On Thu, Apr 20, 2023 at 12:42 PM Konstantin Knizhnik <knizhnik(at)garret(dot)ru> wrote:
> On 11.04.2023 8:14 PM, Jehan-Guillaume de Rorthais wrote:
> > On Sat, 8 Apr 2023 02:01:19 +0200
> > Jehan-Guillaume de Rorthais <jgdr(at)dalibo(dot)com> wrote:
> >
> >> On Fri, 31 Mar 2023 14:06:11 +0200
> >> Jehan-Guillaume de Rorthais <jgdr(at)dalibo(dot)com> wrote:
> >>
> >> [...]
> >>
> >> After rebasing Tomas' memory balancing patch, I did some memory measures
> >> to answer some of my questions. Please, find in attachment the resulting
> >> charts "HJ-HEAD.png" and "balancing-v3.png" to compare memory consumption
> >> between HEAD and Tomas' patch. They shows an alternance of numbers
> >> before/after calling ExecHashIncreaseNumBatches (see the debug patch). I
> >> didn't try to find the exact last total peak of memory consumption during the
> >> join phase and before all the BufFiles are destroyed. So the last number
> >> might be underestimated.
> > I did some more analysis about the total memory consumption in filecxt of HEAD,
> > v3 and v4 patches. My previous debug numbers only prints memory metrics during
> > batch increments or hash table destruction. That means:
> >
> > * for HEAD: we miss the batches consumed during the outer scan
> > * for v3: adds twice nbatch in spaceUsed, which is a rough estimation
> > * for v4: batches are tracked in spaceUsed, so they are reflected in spacePeak
> >
> > Using a breakpoint in ExecHashJoinSaveTuple to print "filecxt->mem_allocated"

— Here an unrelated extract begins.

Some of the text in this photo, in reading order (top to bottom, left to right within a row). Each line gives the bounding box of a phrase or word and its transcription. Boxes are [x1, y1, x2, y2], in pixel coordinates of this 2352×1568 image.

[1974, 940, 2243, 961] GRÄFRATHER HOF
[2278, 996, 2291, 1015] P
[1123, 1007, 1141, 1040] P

> > from there, here are the maximum allocated memory for bufFile context for each
> > branch:
> >
> > batches max bufFiles total spaceAllowed rise
> > HEAD 16384 199966960 ~194MB
> > v3 4096 65419456 ~78MB
> > v4(*3) 2048 34273280 48MB nbatch*sizeof(PGAlignedBlock)*3
> > v4(*4) 1024 17170160 60.6MB nbatch*sizeof(PGAlignedBlock)*4
> > v4(*5) 2048 34273280 42.5MB nbatch*sizeof(PGAlignedBlock)*5
> >
> > It seems account for bufFile in spaceUsed allows a better memory balancing and
> > management. The precise factor to rise spaceAllowed is yet to be defined. *3 or
> > *4 looks good, but this is based on a single artificial test case.
> >
> > Also, note that HEAD is currently reporting ~4MB of memory usage. This is by
> > far wrong with the reality. So even if we don't commit the balancing memory
> > patch in v16, maybe we could account for filecxt in spaceUsed as a bugfix?
> >
> > Regards,
>
> Thank you for the patch.
> I faced with the same problem (OOM caused by hash join).

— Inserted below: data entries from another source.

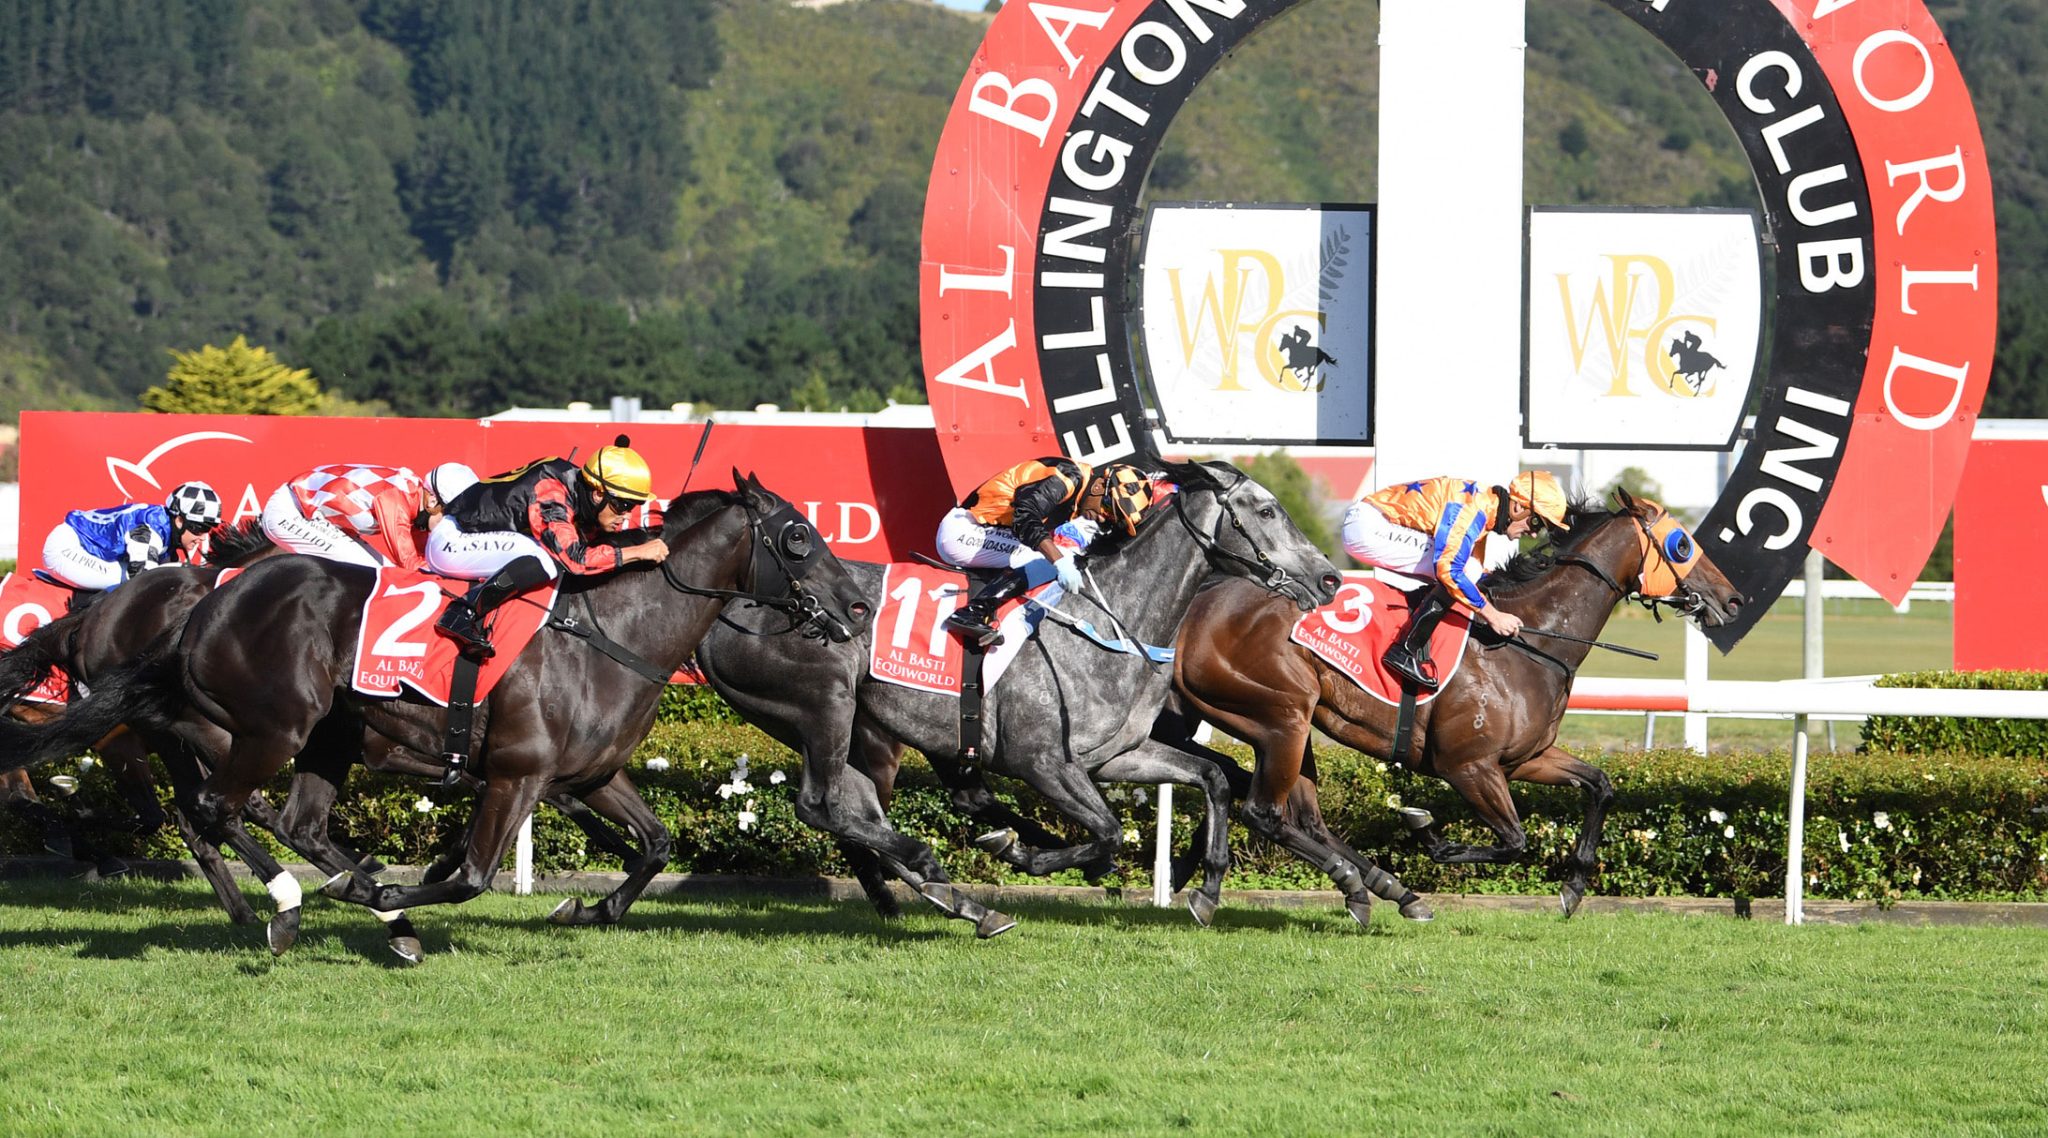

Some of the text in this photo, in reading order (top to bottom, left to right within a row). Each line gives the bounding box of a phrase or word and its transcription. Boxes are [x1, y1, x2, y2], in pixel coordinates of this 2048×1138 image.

[934, 0, 1978, 430] AL BA ORLD
[1041, 0, 1865, 550] ELLINGTON CLUB INC.
[371, 580, 443, 657] 2
[890, 577, 960, 657] 11
[1321, 582, 1375, 634] 3
[376, 659, 394, 671] AL
[889, 649, 946, 671] AL BASTI
[1298, 627, 1363, 675] EQUIWORLD
[1313, 625, 1361, 659] AL BASTI
[874, 656, 956, 687] EQUIWORLD

> I tried to create simplest test reproducing the problem:
>
> create table t(pk int, val int);
> insert into t values (generate_series(1,100000000),0);
> set work_mem='64kB';
> explain (analyze,buffers) select count(*) from t t1 join t t2 on
> (t1.pk=t2.pk);
>
>
> There are three workers and size of each exceeds 1.3Gb.
>
> Plan is the following:
>
> Finalize Aggregate (cost=355905977972.87..355905977972.88 rows=1
> width=8) (actual time=2
> 12961.033..226097.513 rows=1 loops=1)
> Buffers: shared hit=32644 read=852474 dirtied=437947 written=426374,
> temp read=944407 w
> ritten=1130380
> -> Gather (cost=355905977972.65..355905977972.86 rows=2 width=8)
> (actual time=212943.
> 505..226097.497 rows=3 loops=1)
> Workers Planned: 2
> Workers Launched: 2
> Buffers: shared hit=32644 read=852474 dirtied=437947
> written=426374, temp read=94
> 4407 written=1130380
> -> Partial Aggregate (cost=355905976972.65..355905976972.66
> rows=1 width=8) (ac
> tual time=212938.410..212940.035 rows=1 loops=3)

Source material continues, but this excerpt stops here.